__Exercise objective__
Each line from the one that has "this 1728×1728 image." through the end of the entries below must be written out exactly; leave out all other lines.

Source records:
- - - - -

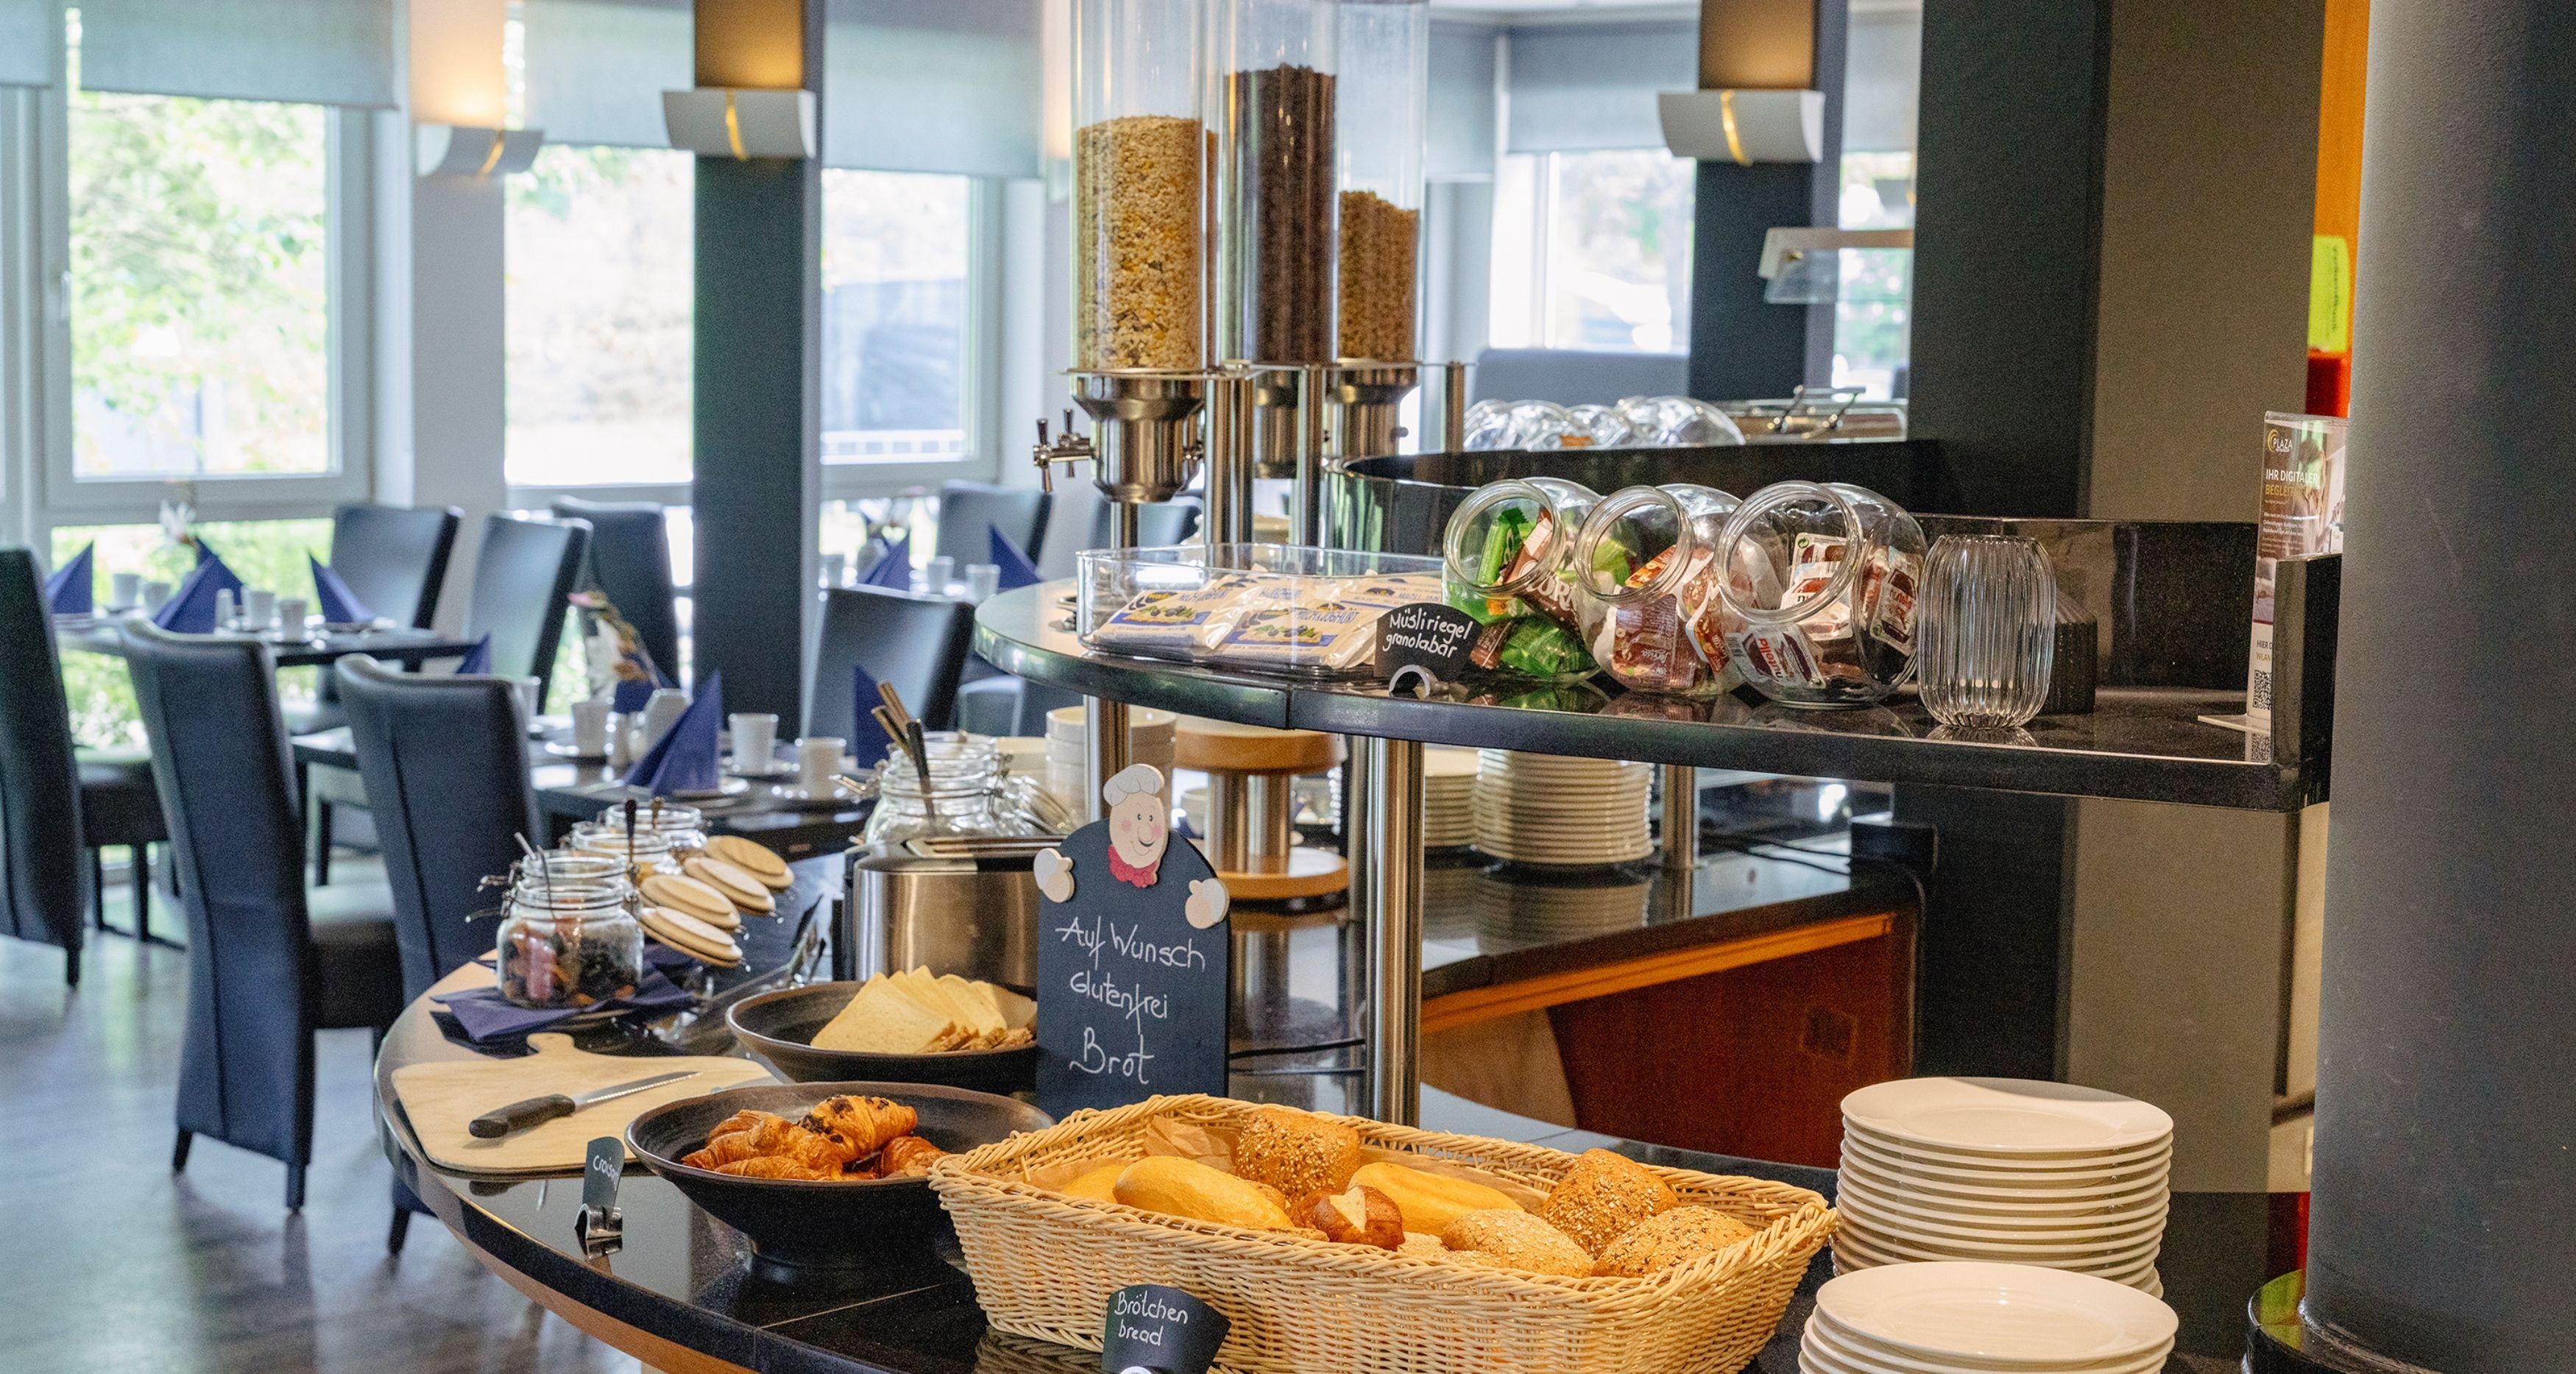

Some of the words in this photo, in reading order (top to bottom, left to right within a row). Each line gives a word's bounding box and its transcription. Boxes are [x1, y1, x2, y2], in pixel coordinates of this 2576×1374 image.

[2272, 438, 2293, 450] PLAZA
[2265, 469, 2279, 481] IHR
[2280, 470, 2318, 484] DIGITALER
[1389, 607, 1473, 645] Müsliriegel
[1381, 632, 1458, 659] granolabar
[1758, 637, 1784, 679] nutella
[1055, 916, 1106, 971] Auf
[1109, 921, 1206, 972] Wunsch
[1069, 1027, 1155, 1085] Brot
[1114, 1289, 1189, 1325] Brötchen
[1118, 1318, 1164, 1347] bread
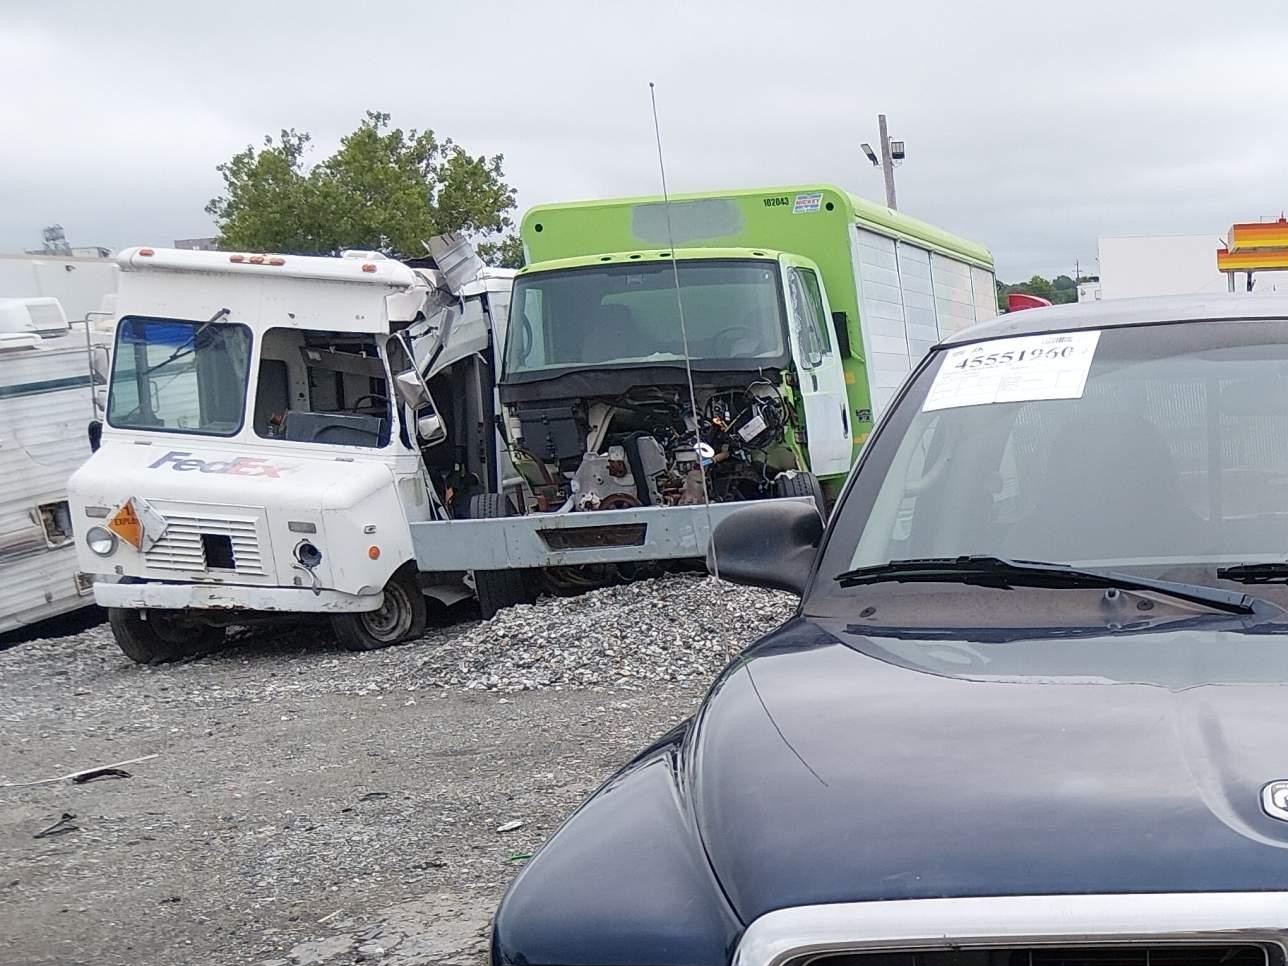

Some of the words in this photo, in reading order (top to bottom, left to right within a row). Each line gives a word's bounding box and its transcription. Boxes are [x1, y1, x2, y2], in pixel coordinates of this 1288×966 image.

[763, 197, 789, 207] 102043
[955, 346, 1074, 369] 45551960
[148, 451, 281, 478] FedEx
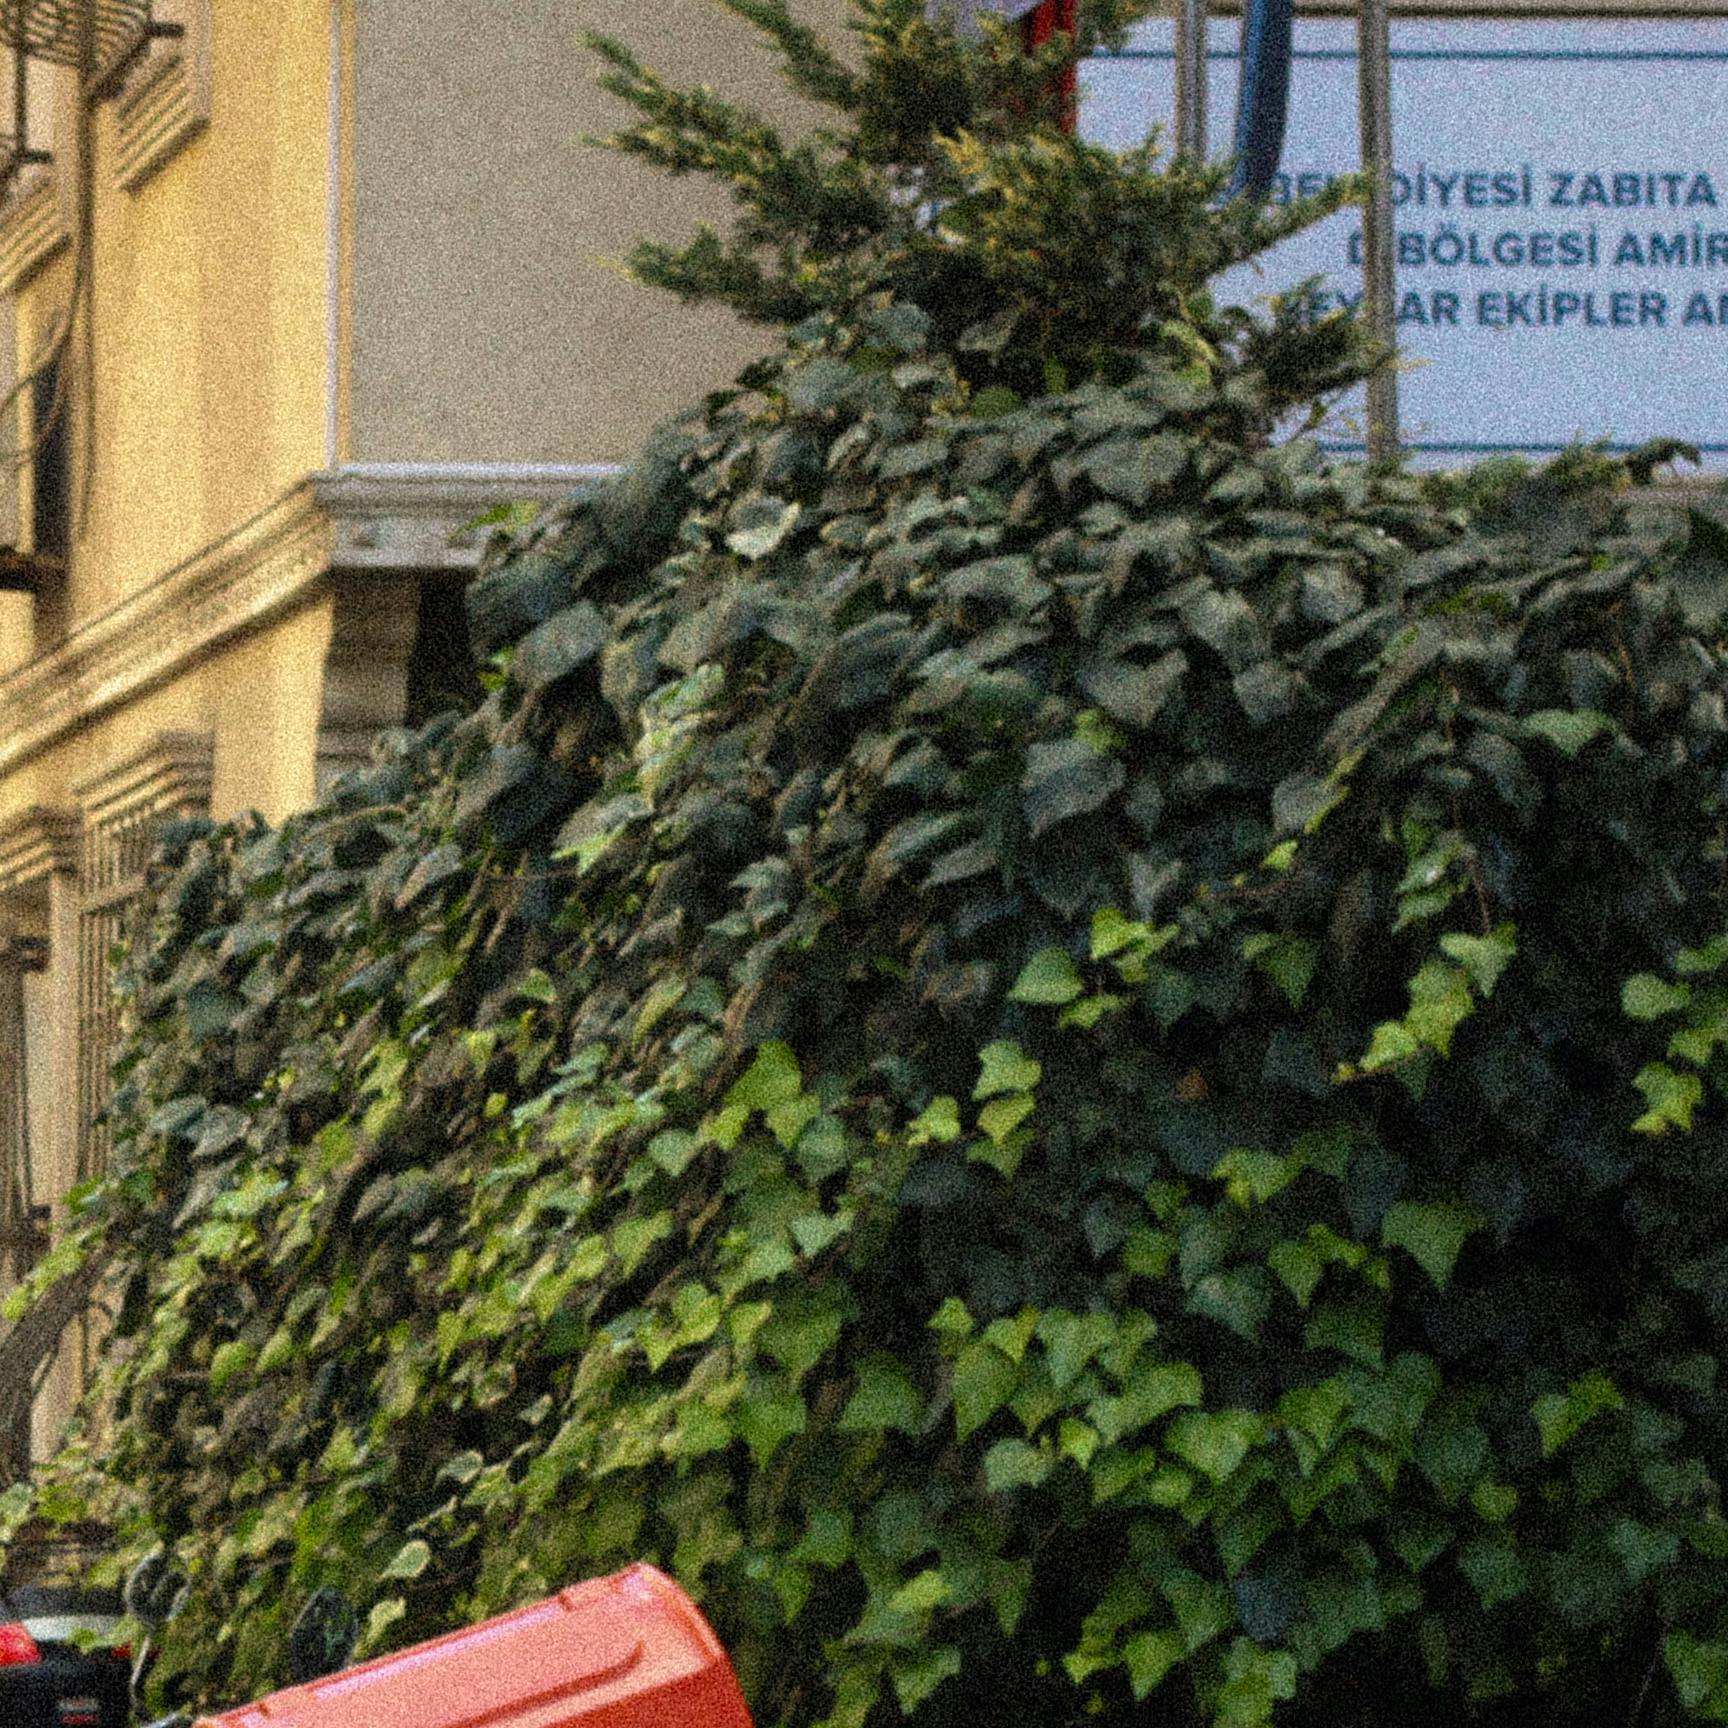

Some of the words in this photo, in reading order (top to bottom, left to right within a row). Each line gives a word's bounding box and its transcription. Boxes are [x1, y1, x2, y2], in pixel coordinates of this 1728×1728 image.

[1548, 170, 1718, 208] ZABITA
[1398, 222, 1600, 268] BÖLGESİ
[1476, 283, 1667, 327] EKİPLER

- - - - -

__Solution to this problem__
Some of the words in this photo, in reading order (top to bottom, left to right within a row). Each line gives a word's bounding box and its transcription. Boxes are [x1, y1, x2, y2], in pixel coordinates of this 1728×1728 image.

[1548, 170, 1718, 208] ZABITA
[1398, 222, 1600, 268] BÖLGESİ
[1476, 283, 1667, 327] EKİPLER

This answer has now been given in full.